Ans. Cyclic and noncyclic Photophosphorylation-
Cyclic Photo-Phosphorylation-
(i) It is performed by PSI only.
(ii) Electrons circulate within the photosystem resulting in a cyclic flow of electrons.
(ii) It occurs in low light intensity, anaerobic conditions or poor CO₂ availability.
(iii) It occurs in stroma thylakoids.
(iv) It results in the synthesis of ATP.
Non-Cyclic Photo-Phosphorylation-
(i) Photosystem work in a series, first PS II and then PS I.
(ii) It is connected with photolysis of water and liberation of oxygen.
(iii) It occurs in optimum light intensity, aerobic conditions, presence of CO₂.
(iv) It occurs in granal thylakoids.
(v) It results in synthesis of both ATP and NADPH
(c) Anatomy of leaf in C3 and C4 plants.
Ans.

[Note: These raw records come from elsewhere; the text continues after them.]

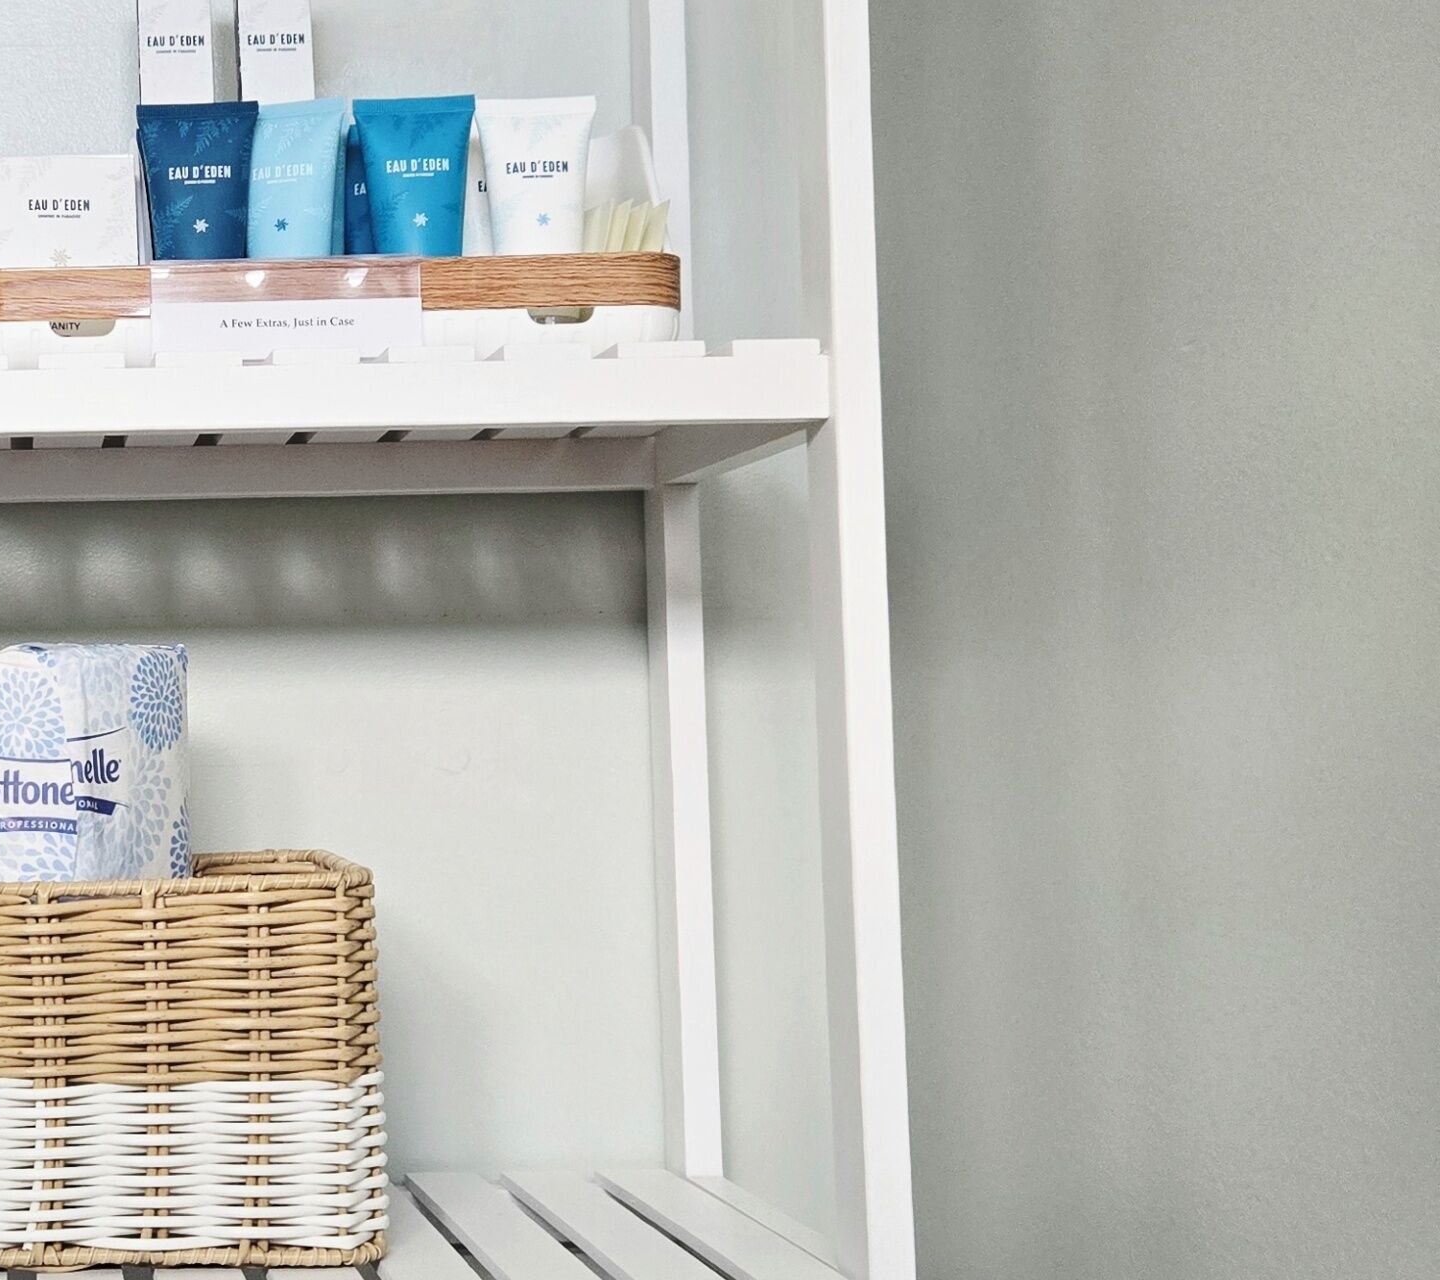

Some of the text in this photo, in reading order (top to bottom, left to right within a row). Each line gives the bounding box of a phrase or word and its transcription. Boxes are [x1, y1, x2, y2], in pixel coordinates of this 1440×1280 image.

[147, 35, 165, 47] EAU
[247, 34, 266, 46] EAU
[386, 159, 407, 173] EAU
[506, 162, 526, 174] EAU
[168, 166, 189, 180] EAU
[252, 167, 271, 181] EAU
[354, 183, 366, 195] EA
[28, 199, 48, 211] EAU
[219, 316, 355, 329] A Few Extras, Just in Case

Anatomy of the leaves in C3 and C4 plants
The leaves of C4 plants have Kranz anatomy-
(i) Vascular bundles are surrounded by bundle sheath cells arranged in layers [wreath like manner].
(ii) Bundle sheath cells have prominent chloroplasts and thick walls.
(iii) These plants show two types of photosynthetic cells mesophyll cells and bundle sheath cells.
(iv) Chloroplasts are dimorphic i.e. granal in mesophyll cells and agranal in bundle sheath cells.